The concerns over nuclear energy are of course not entirely unfounded, but the truth is that they are among the safest energy sources we have at our disposal. Until we get our renewable energy technology and infrastructure to a scale where it can provide for all our energy demands, nuclear is the best positioned source to bridge the gap.
But active denuclearisation is anathema to what we should be doing. Setup costs for nuclear energy may be prohibitive, and would impede atomic energy from ever becoming the primary provider for our global energy needs, but that argument doesn’t really carry much weight given that we are phasing out existing and perfectly functional nuclear power plants.
There is even an argument to be made that nuclear energy has saved lives over the past several decades by replacing fossil fuel plants early. A 2013 study commissioned by NASA and co-authored by James Hansen, one of the first scientists to realise the gravity of human-caused greenhouse gas emissions, estimated that, between 1971 and 2009, nuclear energy had saved almost 2 million lives by displacing or preventing more fossil fuels from entering into the global energy mix. The study also found that if nuclear power were to be phased out entirely and replaced with coal and natural gas, up to 7 million people would die.
Figure 3: Mean net deaths prevented annually by nuclear power between 1971-2009 for various countries/blocs; NASA Goddard Institute for Space Studies; 2013.
One of the main arguments levied against nuclear energy revolves around the waste problem. Radioactive waste from uranium fuel can remain at dangerous levels for anywhere from a few decades to 10 000 years, although in reality, only 3% of nuclear waste is radioactive enough that it needs to be separated entirely from the environment and sequestered away for thousands of years.

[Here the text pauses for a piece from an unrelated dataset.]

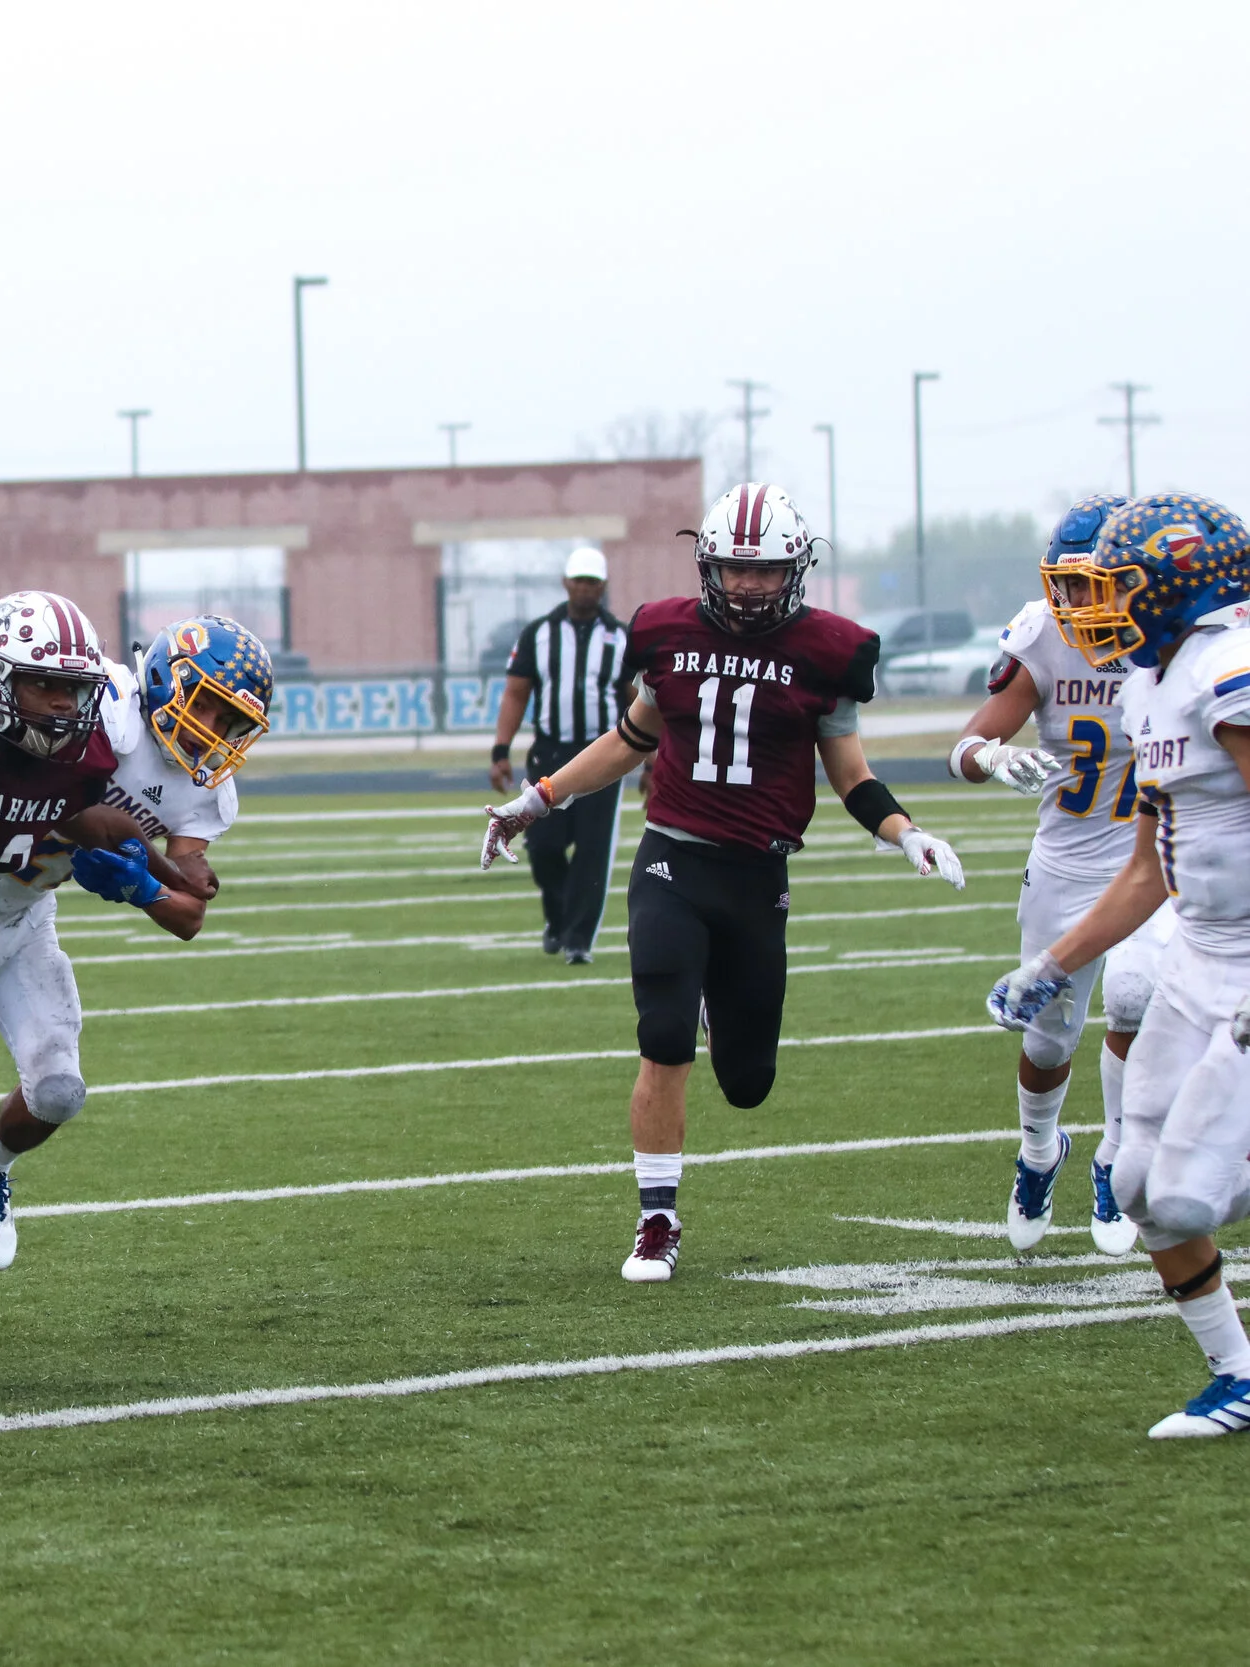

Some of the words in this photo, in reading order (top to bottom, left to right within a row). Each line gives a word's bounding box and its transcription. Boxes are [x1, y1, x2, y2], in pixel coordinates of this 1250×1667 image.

What this argument also usually tends to neglect is that even without nuclear waste, we are still filling our environment with considerably more toxic waste materials, including poisonous particulate matter and greenhouse gases. Carbon dioxide emissions can stay in the atmosphere invisibly for up to 1 000 years, creating a bevy of positive feedback loops far into the future. Some heavy metals that are found in industrial waste, including cadmium and mercury, are highly toxic and can remain so indefinitely, poisoning agricultural land, fishing waters or freshwater sources used by humans.
The nuclear waste problem is real, but another factor to consider is that there simply isn’t much of it. Worldwide, commercial nuclear power plants have produced the same amount of waste since 1950 that coal plants produce in an hour today. This is mostly because uranium is so energy dense, and nuclear energy generation requires relatively little fuel, which means relatively small amounts of waste. A significant amount of waste can also be reprocessed and reused as fuel, as seen with France’s nuclear reprocessing program, and development of new nuclear technologies would make this process even more efficient.
It would be safer to have small amounts of managed nuclear waste sequestered somewhere underground rather than having unknowable amounts of uncontrolled particulate matter and greenhouse gases roaming freely around our atmosphere and killing millions of people a year while irreversibly changing the Earth’s climate. Nuclear energy is far from perfect, and its high starting costs make it improbable that it could be implemented on a global scale. But it also feels a lot more dangerous and frightening than it actually is, and it can be an important low-carbon alternative to bridge the transition towards 100% renewable energy use, in a time where we have to be taking every action possible to distance ourselves from fossil fuels.